The idea for this book came from one of those questions that you ask your friends late at night after you've finished dissecting everyone's personal lives, speculating on the future of various relationships, and musing over the awesomeness of avocados.  Namely: "If you could have any superpower, what would you choose?"

My answer for years has been telekinesis.  At a very formative age, I saw "Escape to Witch Mountain" and loved everything about it, including its cheesy special effects, overacting adults, and harmonica solos.  I also read (and reread and reread...) the wonderful book THE GIRL WITH THE SILVER EYES by Willo Davis Roberts.  So telekinesis has been on the list of awesome-things-I-want-to-write-about for a very long time.

But the novel wasn't truly born until I decided to give my girl very, very limited powers.  Kayla can't toss around cars or planes like Jean Grey.  She can't lift an X-wing fighter out of a swamp.  She can lift things about the size and weight of a credit card.  Maybe a pencil.  So she has to be clever and use her power creatively, if she's going to survive.

I had so much fun writing this book.  It was an adventure that took me around the world (not literally, of course -- in real life, I stayed nicely close to my refrigerator), up mountains and into catacombs and as close as I'll ever get to a lava lake.  Writing it felt like hanging out with very cool friends, the kind of friends who always make you laugh and who always share the salsa.  I hope you have fun reading it!

And if you're in the NYC area, I'll be signing copies of CHASING POWER this Friday (10/17/14) at 6pm at Books of Wonder.  I hope you'll come and say hi!

More about CHASING POWER, including the first two chapters, can be found here.


Labels: ,

Tuesday, September 16, 2014

CONJURED Paperback!

Things that are bendy:

1) Squirrel tails
2) Garden hoses
3) My hair
4) Olympic gymnasts
5) Polaroids
6) Pipe cleaners
7) Really old carrots
8) Fresh chocolate chip cookies
9) Ferrets
10) CONJURED!!!

For those of you who prefer your books in a more fun, bendy format..... I'm excited to let you know that today is the pub day for the paperback edition of my recent YA novel CONJURED!


CONJURED is a fantasy novel for young adults, published by Bloomsbury.  It's about a girl in the paranormal witness protection program, who, haunted by visions of carnival tents and tarot cards, must remember her past and why she has strange abilities before a magic-wielding serial killer hunts her down.

It was a Mythopoeic Award finalist and a Cybils Award finalist, as well as a Junior Library Guild Selection.  Horn Book Reviews said, "Disorientation, curiosity, and fear course through the story, offering tight suspense and satisfying mystification even up to the last pages. An unusual blend of magical worlds, psychological thriller, and teen romance."  And Kirkus Reviews said, "Durst excels at describing grotesque violence and gorgeous magical transformations alike, painting a touching portrait of first love against a backdrop of Twilight Zone–type terrors."

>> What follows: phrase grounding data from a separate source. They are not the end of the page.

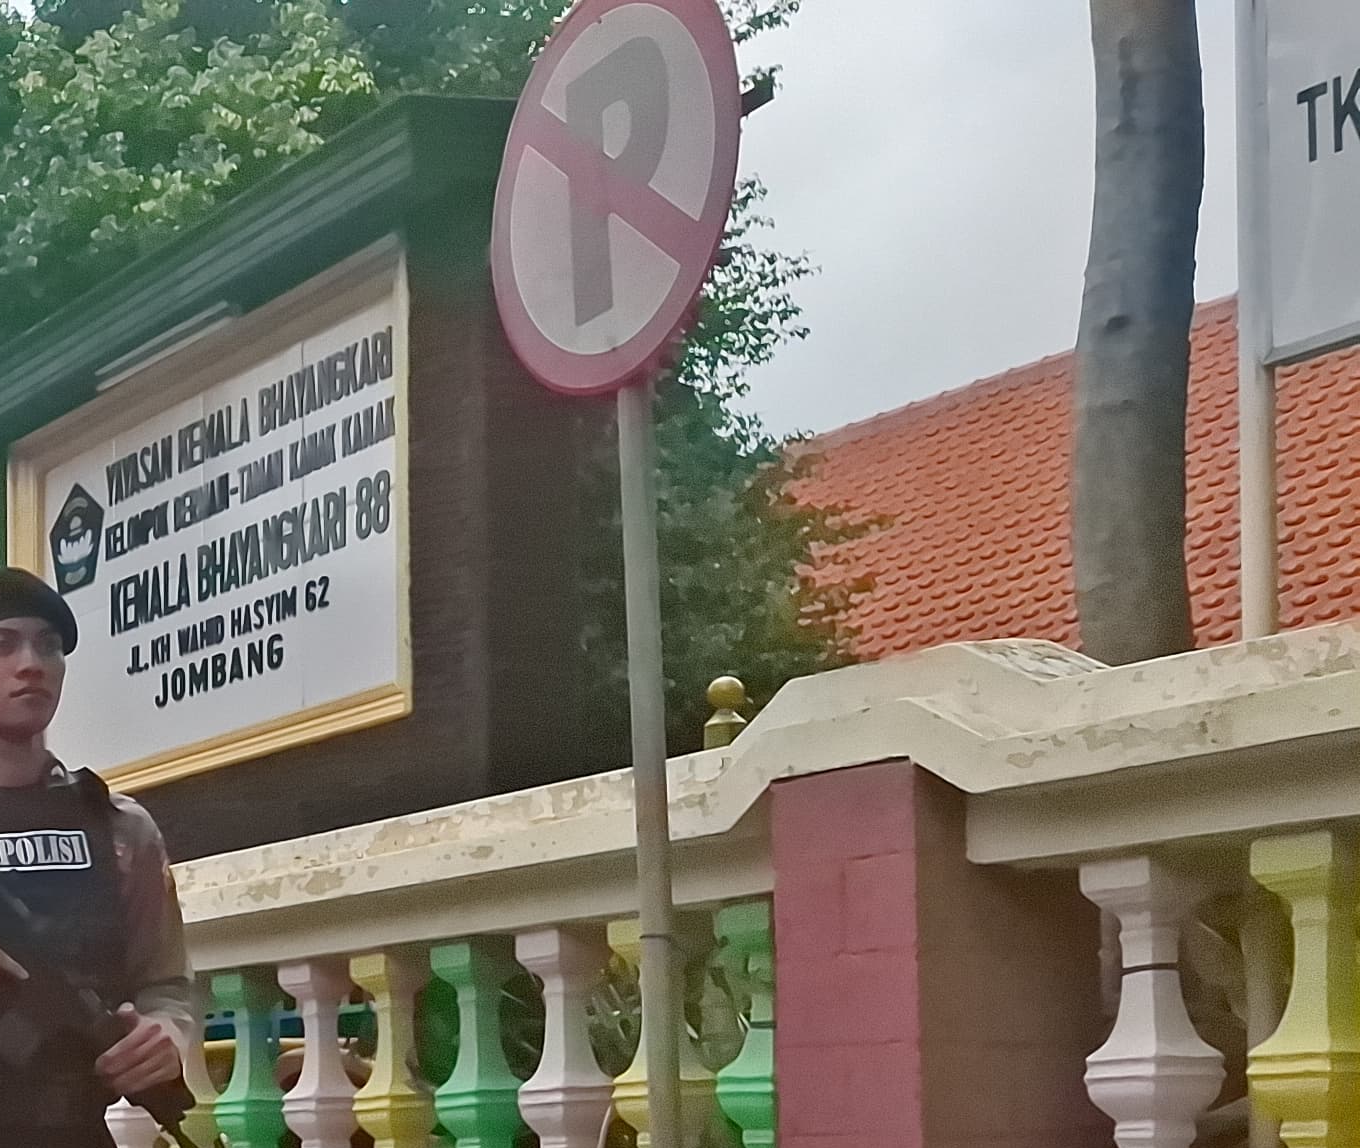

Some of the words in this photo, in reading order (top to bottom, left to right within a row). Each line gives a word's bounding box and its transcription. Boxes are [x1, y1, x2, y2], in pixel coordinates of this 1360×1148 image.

[105, 500, 169, 561] KELOMPOK
[289, 423, 336, 482] KANAK
[342, 395, 395, 458] KANAK
[106, 434, 173, 507] YAYASAN
[178, 397, 250, 474] KEMALA
[258, 325, 393, 437] BHAYANGKARI
[110, 553, 190, 636] KEMALA
[197, 486, 346, 602] BHAYANGKARI
[356, 470, 390, 540] 88
[178, 615, 224, 656] WAHID
[231, 586, 297, 637] HASYIM
[305, 575, 330, 612] 62
[155, 634, 283, 708] JOMBANG
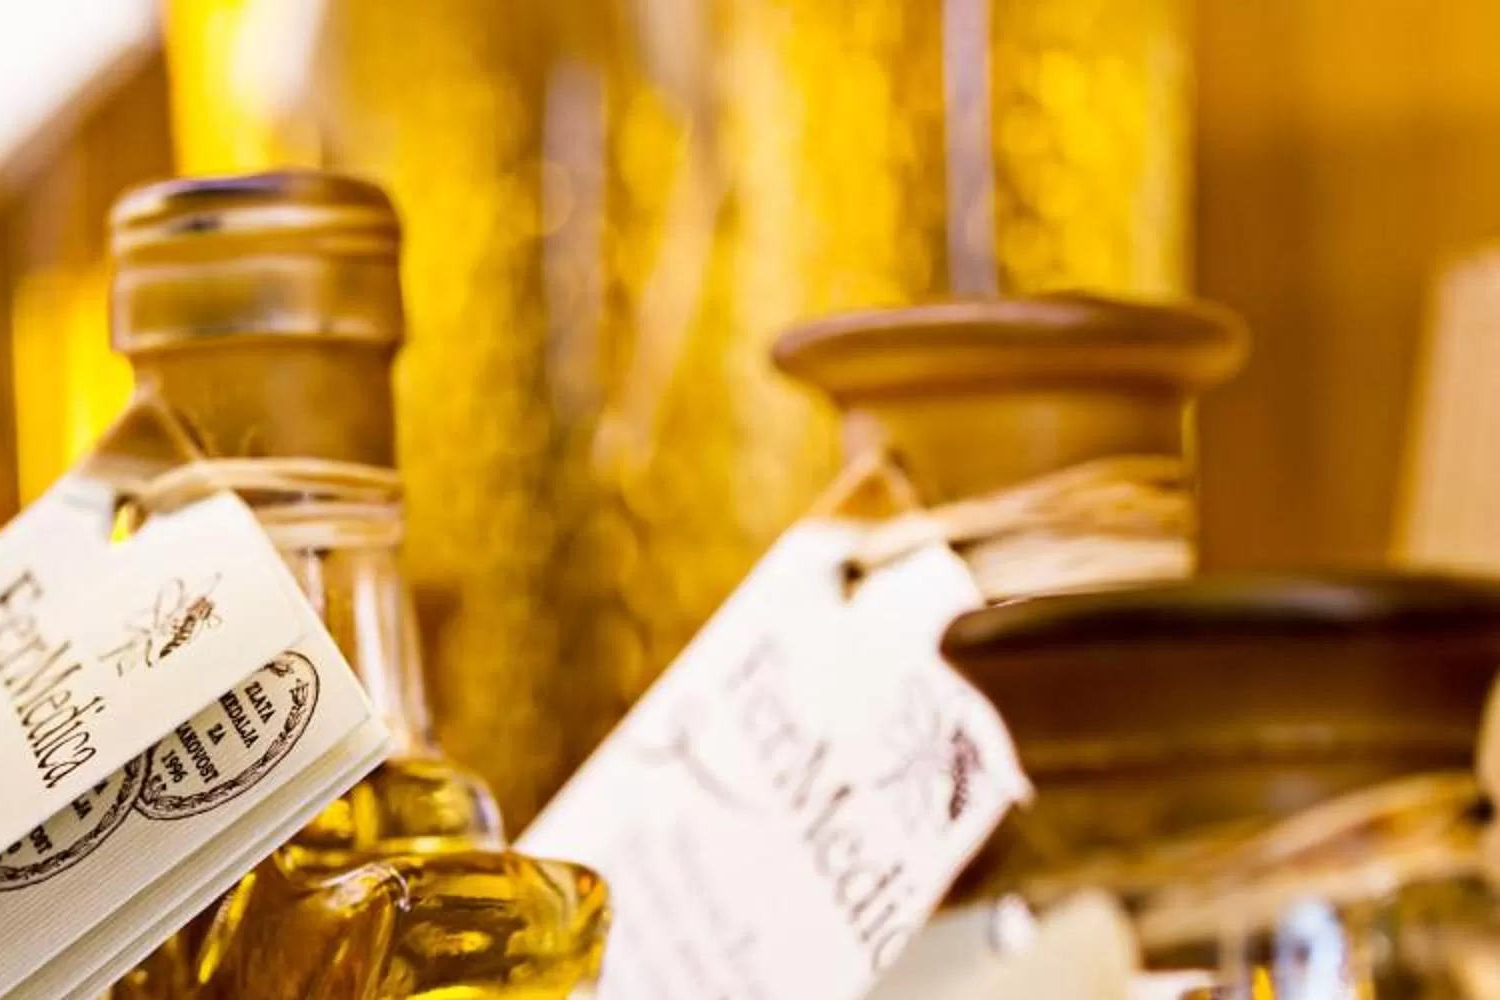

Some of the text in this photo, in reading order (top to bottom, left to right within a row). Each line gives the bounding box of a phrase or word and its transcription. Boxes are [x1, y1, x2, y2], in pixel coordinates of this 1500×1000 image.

[244, 680, 276, 724] ZLATA
[207, 723, 226, 745] ZA
[161, 748, 188, 783] 1996

More about CONJURED, including the first chapter, can be found here.  If you're interested in the story of where CONJURED came from, you can read it here.

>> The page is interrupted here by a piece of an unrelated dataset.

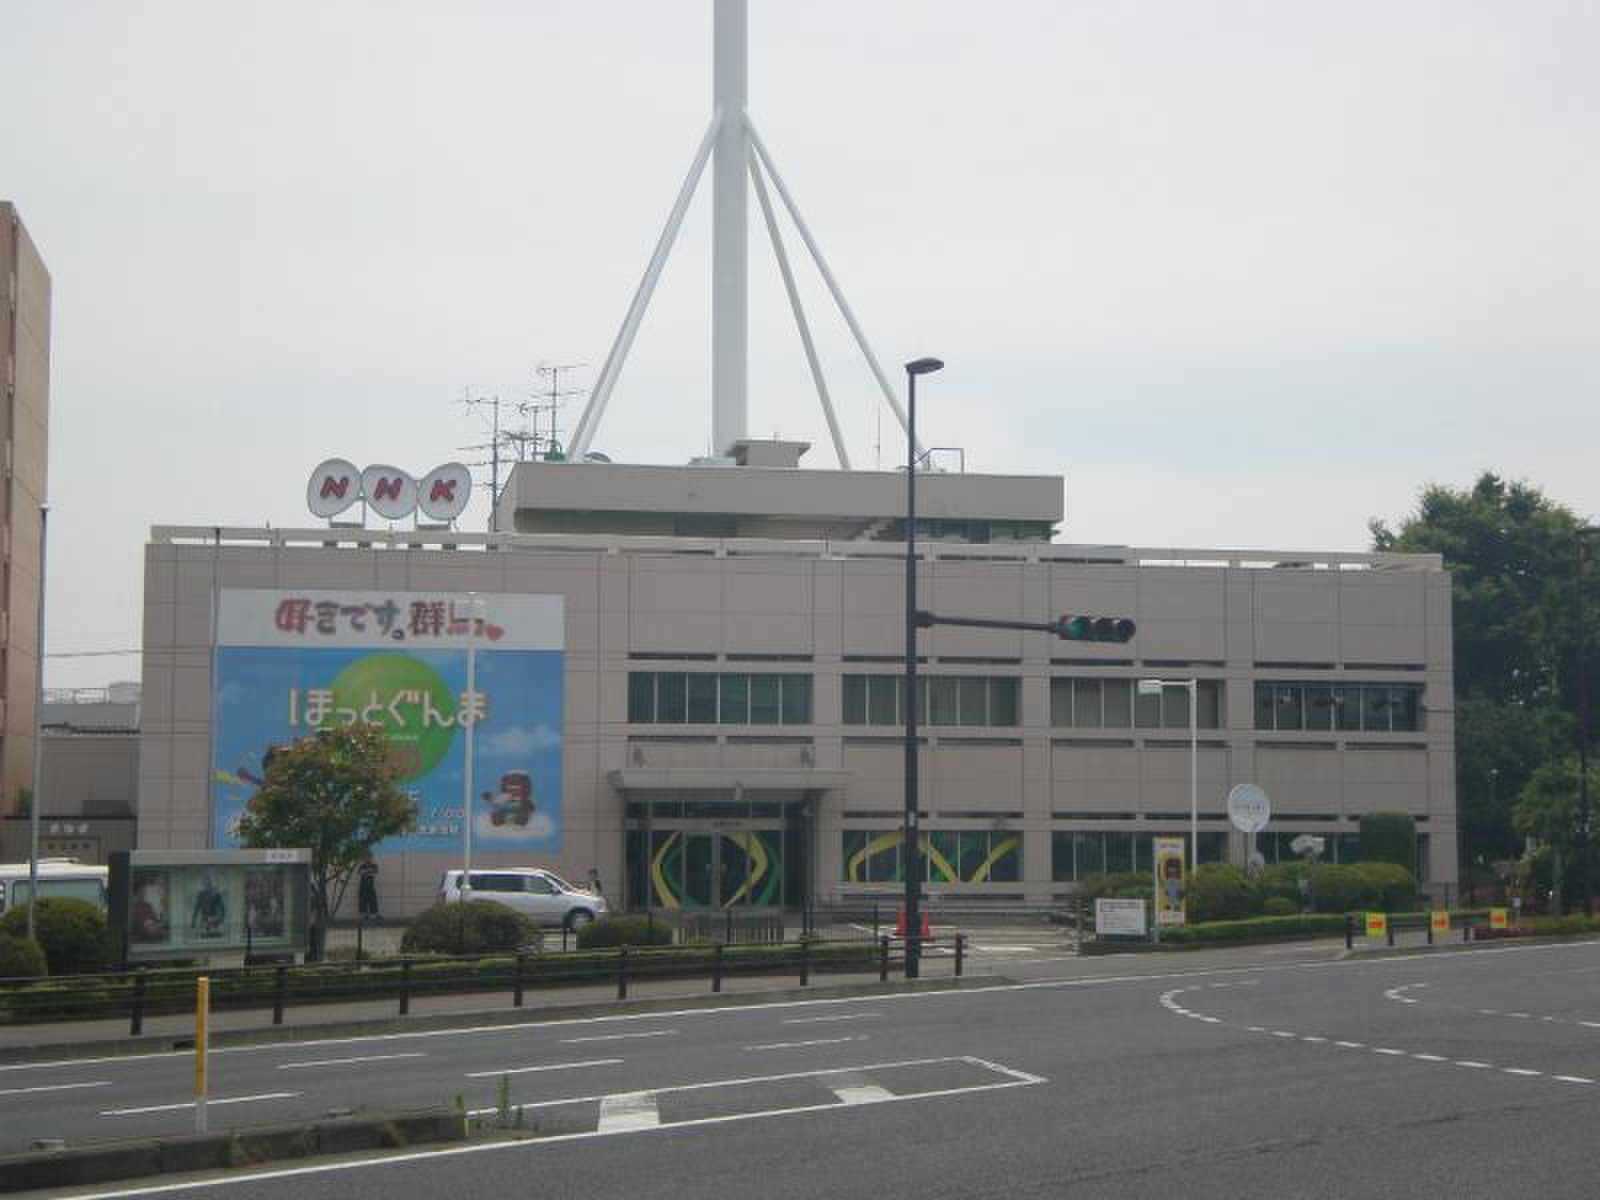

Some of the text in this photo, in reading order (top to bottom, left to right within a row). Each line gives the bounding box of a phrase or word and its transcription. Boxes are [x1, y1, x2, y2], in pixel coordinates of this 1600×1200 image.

[319, 475, 457, 502] NHK
[289, 688, 488, 728] ほっとぐんま

And if you'd like to see more things that are bendy, check out these Cirque du Soleil contortionists.  (I listened to a lot of Cirque music while I wrote CONJURED.)

Happy reading!


Labels: , ,

Tuesday, May 27, 2014

THE LOST comes out today!

Lost your way?

Your dreams?

Yourself?

Welcome to Lost...


I am so very thrilled to announce the release of my new book, THE LOST!!!  This is my first book for adults, and the first in a new trilogy, published by Harlequin/Mira.

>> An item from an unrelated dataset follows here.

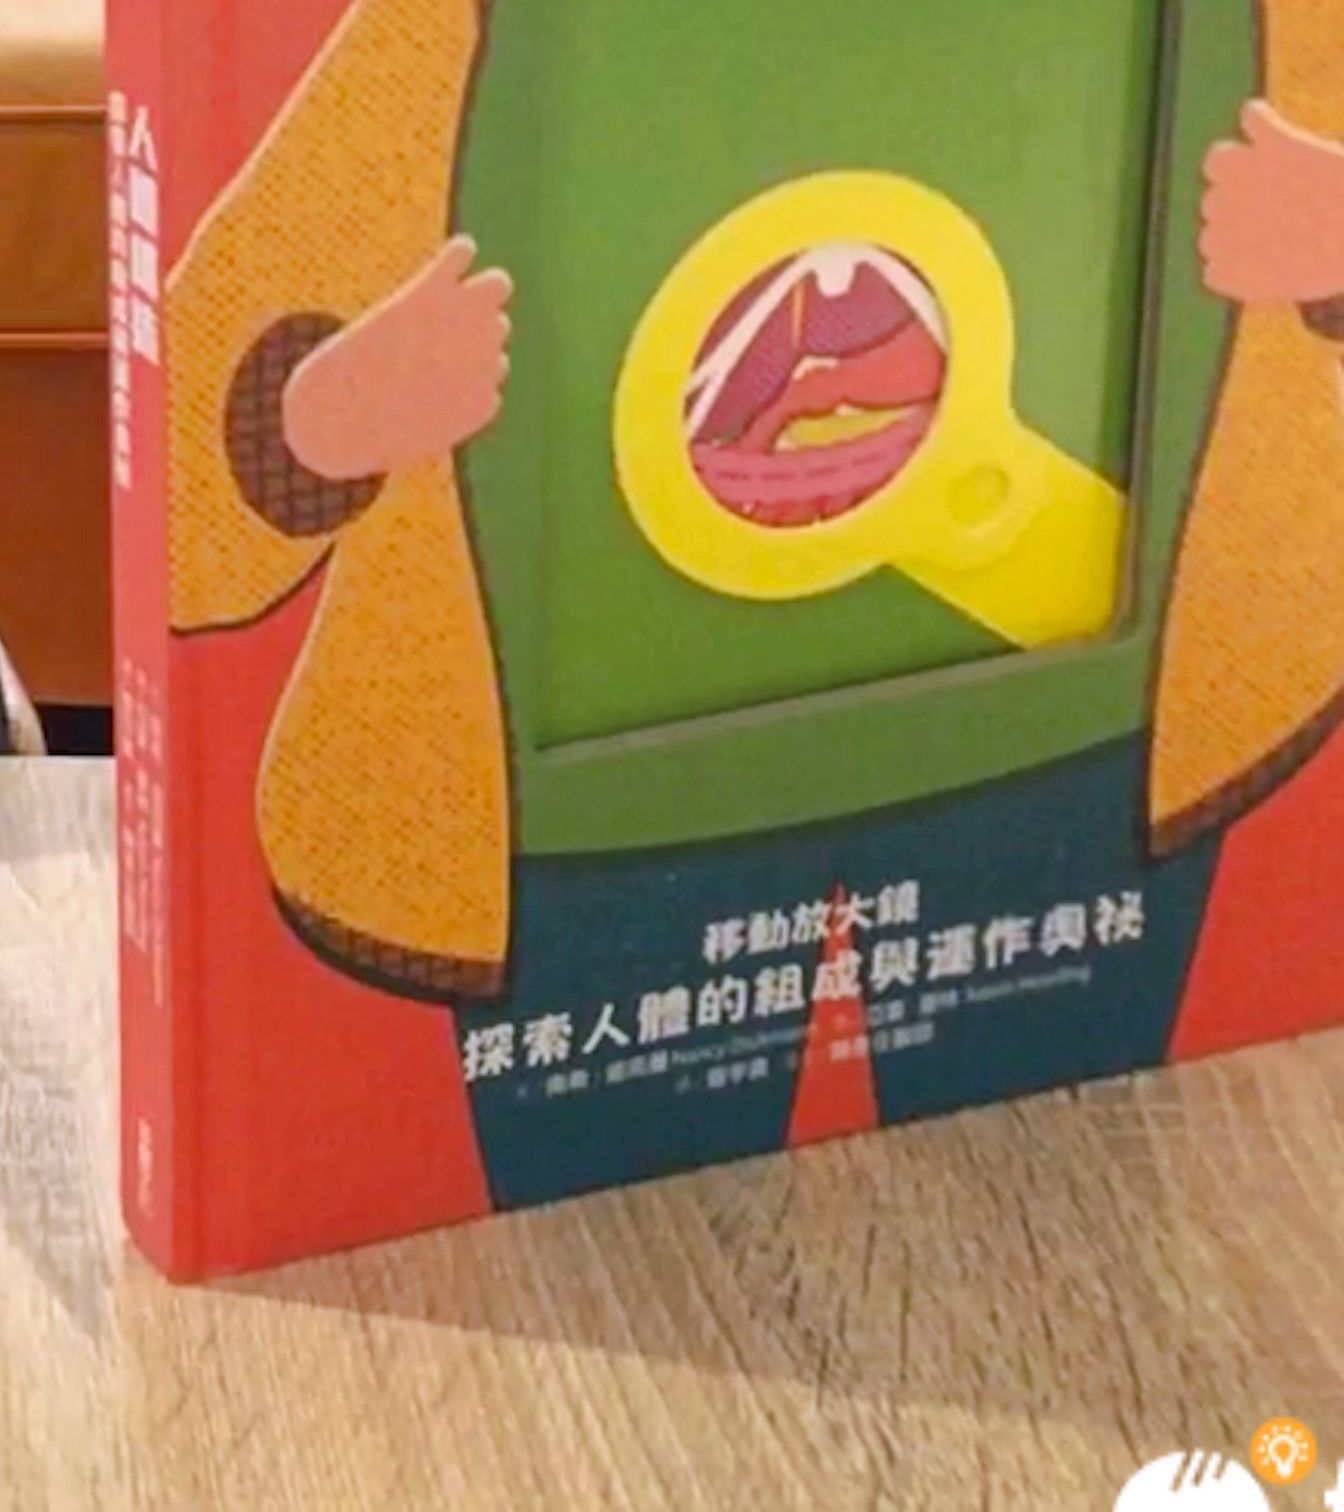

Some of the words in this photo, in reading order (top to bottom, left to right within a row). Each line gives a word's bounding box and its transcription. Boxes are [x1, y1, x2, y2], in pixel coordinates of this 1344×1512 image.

[703, 878, 921, 963] 移動放大鏡

THE LOST is about a woman trapped in a town full of only lost things and lost people.

One morning, Lauren Chase gets into her car to go to her dead-end job, but instead of making a left at the light, she drives straight.  And drives and drives until she runs out of gas in a town called Lost.  Once there, she can't leave.  Lost is surrounded by an impassable wall of dust.  And the only people who aren't trying to kill her are a mysterious wild man called the Finder and a knife-wielding six-year-old girl...

If you're interested, you can read the first two chapters here.

I loved writing this book.  I felt like I was breathing with Lauren, laughing with her, crying with her.  Usually, I swear by outlines, but this one... I followed Lauren to Lost and discovered its quirks, horrors, and beauty with her.  I fell in love with this bizarre town where socks and keys clog the gutters, feral dogs roam the alleys, suitcases litter the parking lots, and a single red balloon always floats overhead.  And I can't wait to share it with you!

So, welcome to Lost!  I hope you find what you're missing.

Labels: , ,

Tuesday, September 03, 2013

CONJURED comes out today!

Ladies and gentlemen!!!  Children of all... okay, no.  Not all ages.  12 and up, please.  I don't want to be responsible for little kids having nightmares about creepy carnivals...

I am thrilled to announce the release of my new book, CONJURED!!!

This is, by far, the creepiest and wildest book I've ever written.  It was so much fun to write!  And as of today, it is out in the world!!!




CONJURED is a fantasy novel for young adults, published by Bloomsbury / Walker Books for Young Readers.  It's about a girl in the paranormal witness protection program, who, haunted by visions of carnival tents and tarot cards, must remember her past and why she has strange abilities before a magic-wielding serial killer hunts her down.

Laini Taylor, New York Times bestselling author of the DAUGHTER OF SMOKE & BONE series, called it: "A twisted circus of a book, completely freaky and delicious at the same time.  It's a thriller, a fairy tale nightmare, and a romance all in one, unlike anything else and impossible to predict.  I could not stop reading!"

CONJURED crept up on me.  I'd planned to write a police procedural about a federal marshal who works for the paranormal branch of the witness protection program... but when I began to develop the case that the marshall was working, the witness herself, Eve, a girl with zero memories and lots of bizarre powers, drew more and more of my attention.  The instant she made the birds in her wallpaper fly around her room, I knew the story had to be hers.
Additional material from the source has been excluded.